Ele afirma, contudo, que o mercado brasileiro de saúde avançou ao longo dos anos para o meio digital e para a construção gradual de um ecossistema de saúde, tendo a telemedicina como um marco de transição:
“Eu tenho uma leitura de que até a aprovação da telemedicina, o ecossistema de inovação e saúde no Brasil estava muito lento: era como empreender com o freio de mão puxado. Agora, com a perspectiva da telemedicina, a minha visão é de que o ecossistema está acelerando e há uma percepção clara dos líderes do setor de que não dá mais para ficar de fora. Existe uma pressão para inovar”.
A respeito da inserção de empresas de tecnologia no mercado da saúde, em paralelo aos movimentos da Amazon nos EUA, Cembranelli avalia que “a saúde está no radar, porém é um setor que precisa de uma especialização importante, no sentido de que você precisa ter executivos que entendam o mercado de saúde. Vemos muitas novas empresas ou empresas tradicionais que querem entrar nesse mercado, mas é necessário uma especialização para ter uma vertical de sucesso no setor”.

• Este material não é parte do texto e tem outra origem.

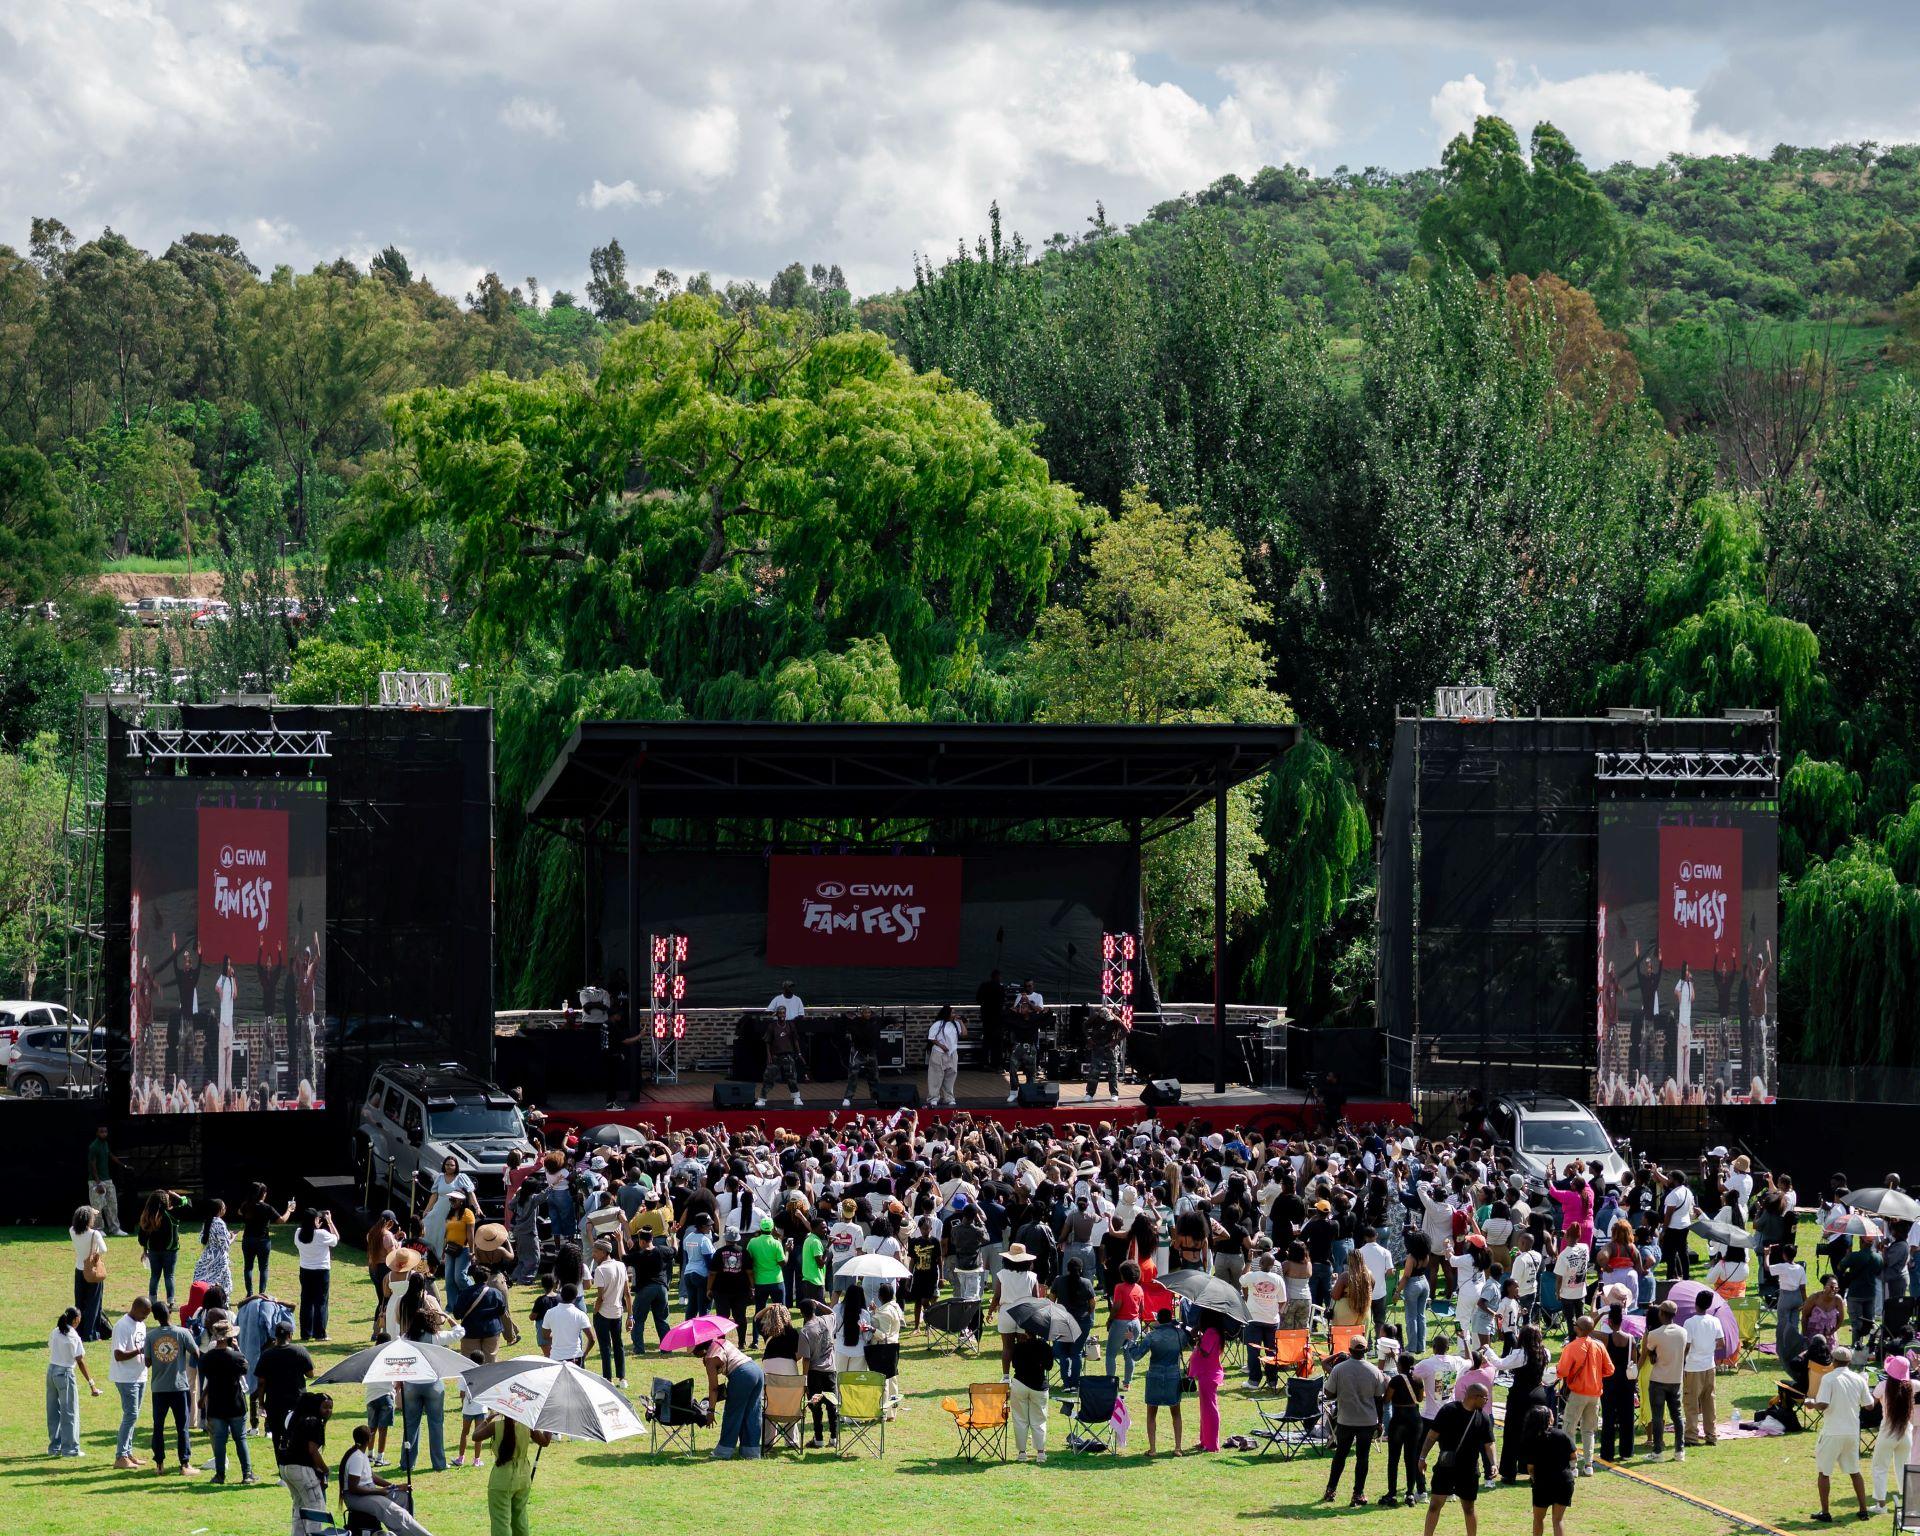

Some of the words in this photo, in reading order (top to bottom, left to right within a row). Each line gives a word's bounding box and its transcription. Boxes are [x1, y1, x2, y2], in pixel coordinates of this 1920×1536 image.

[236, 849, 266, 865] GWM
[1694, 864, 1722, 879] GWM
[850, 884, 913, 896] GWM
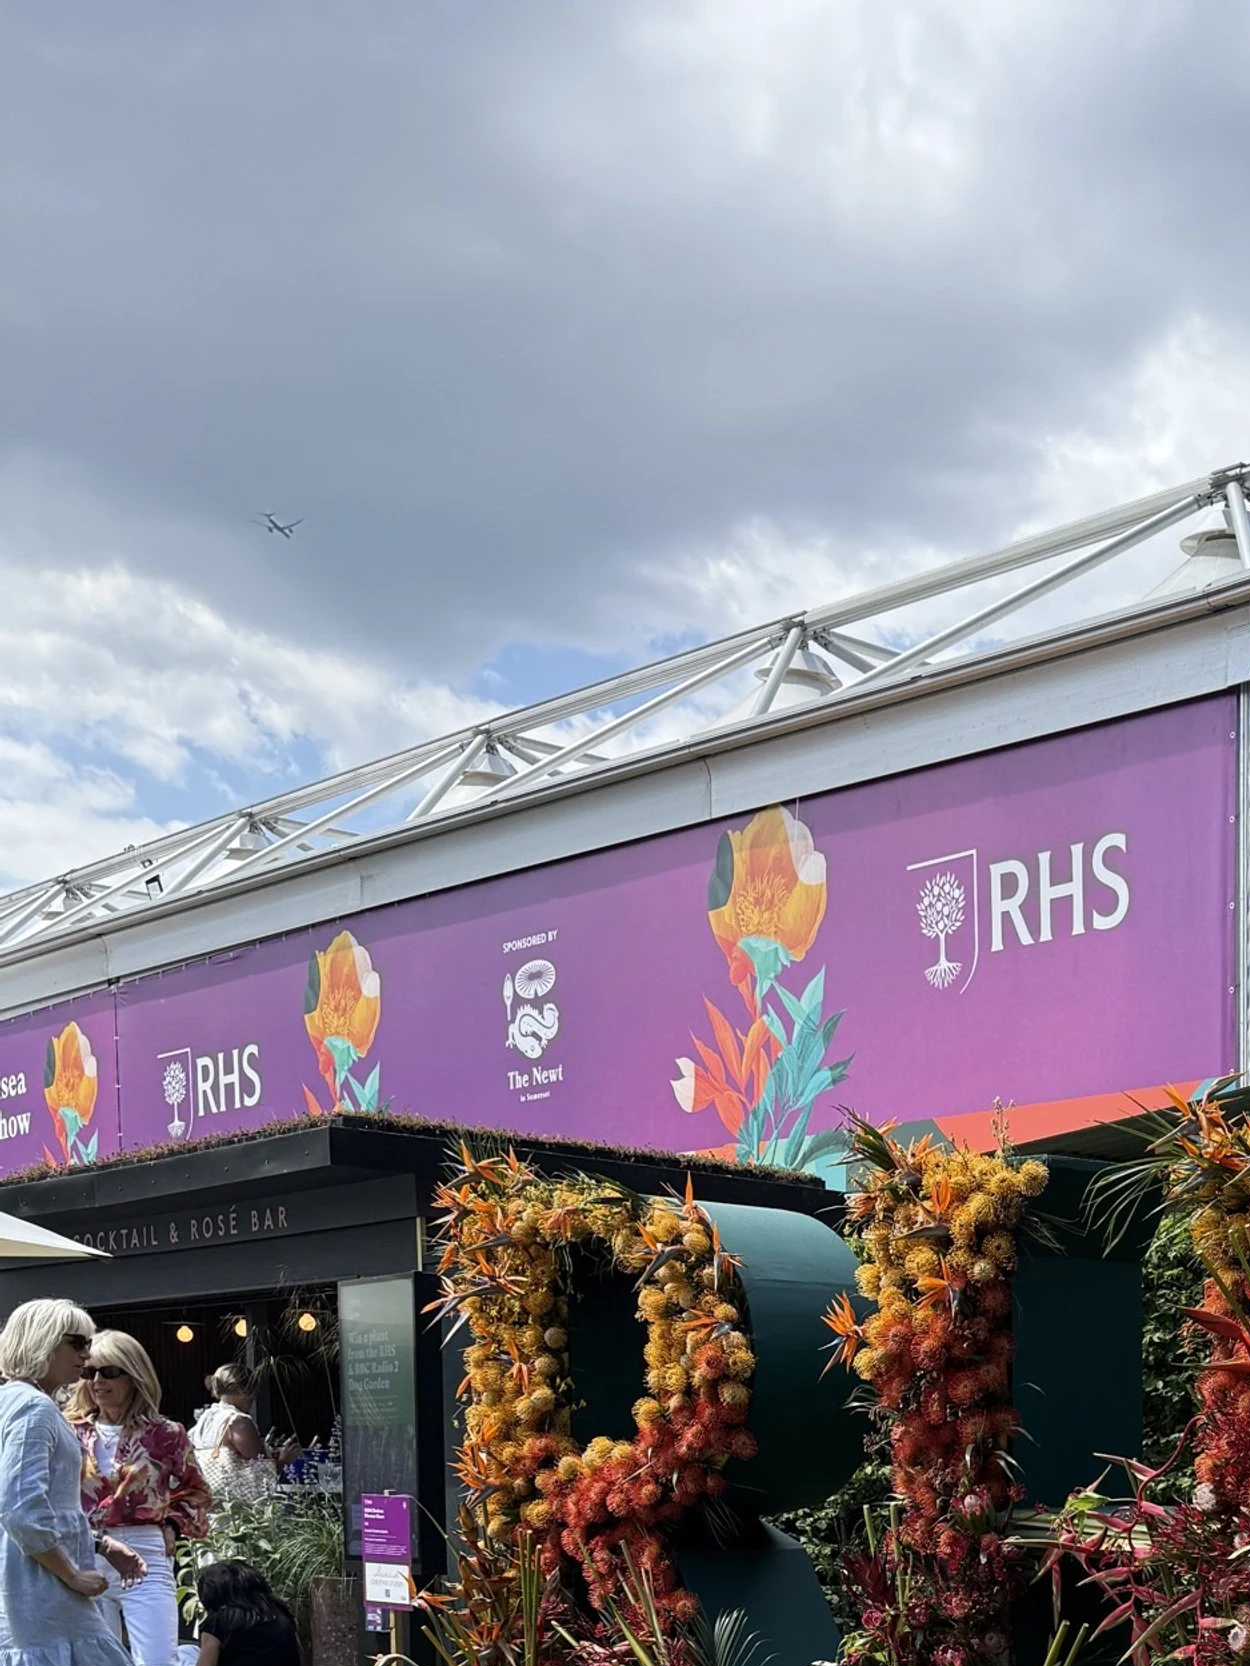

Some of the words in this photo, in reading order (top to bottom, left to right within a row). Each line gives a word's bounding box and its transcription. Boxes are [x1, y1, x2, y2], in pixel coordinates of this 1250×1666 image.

[989, 832, 1131, 952] RHS
[502, 932, 547, 954] SPONSORED
[547, 929, 558, 942] BY
[195, 1043, 261, 1117] RHS
[507, 1070, 530, 1090] The
[532, 1063, 563, 1086] Newt
[169, 1221, 179, 1244] &
[190, 1205, 238, 1240] ROSÉ
[251, 1206, 288, 1232] BAR
[368, 1329, 389, 1346] plant
[348, 1347, 365, 1360] from
[366, 1347, 378, 1358] the
[379, 1344, 396, 1357] RHS
[355, 1362, 370, 1374] BBC
[371, 1360, 393, 1373] Radio
[394, 1360, 399, 1373] 2
[363, 1377, 390, 1390] Garden

Cembranelli também comenta que “a velocidade do ecossistema brasileiro na implementação de mudanças acelerou muito pós pandemia”, o que cria expectativas para os próximos passos do mercado da saúde no Brasil:
“A próxima pauta que eu acho que vem como projeto de lei é a interoperabilidade. Estamos chegando em um momento em que a troca de dados possui cada vez mais valor […] Eu acho que de fato tem muitas empresas mudando seu DNA para fortalecer a tecnologia, porque se você tiver um olhar simplesmente analógico da saúde, não faz sentido você formar esse ecossistema”.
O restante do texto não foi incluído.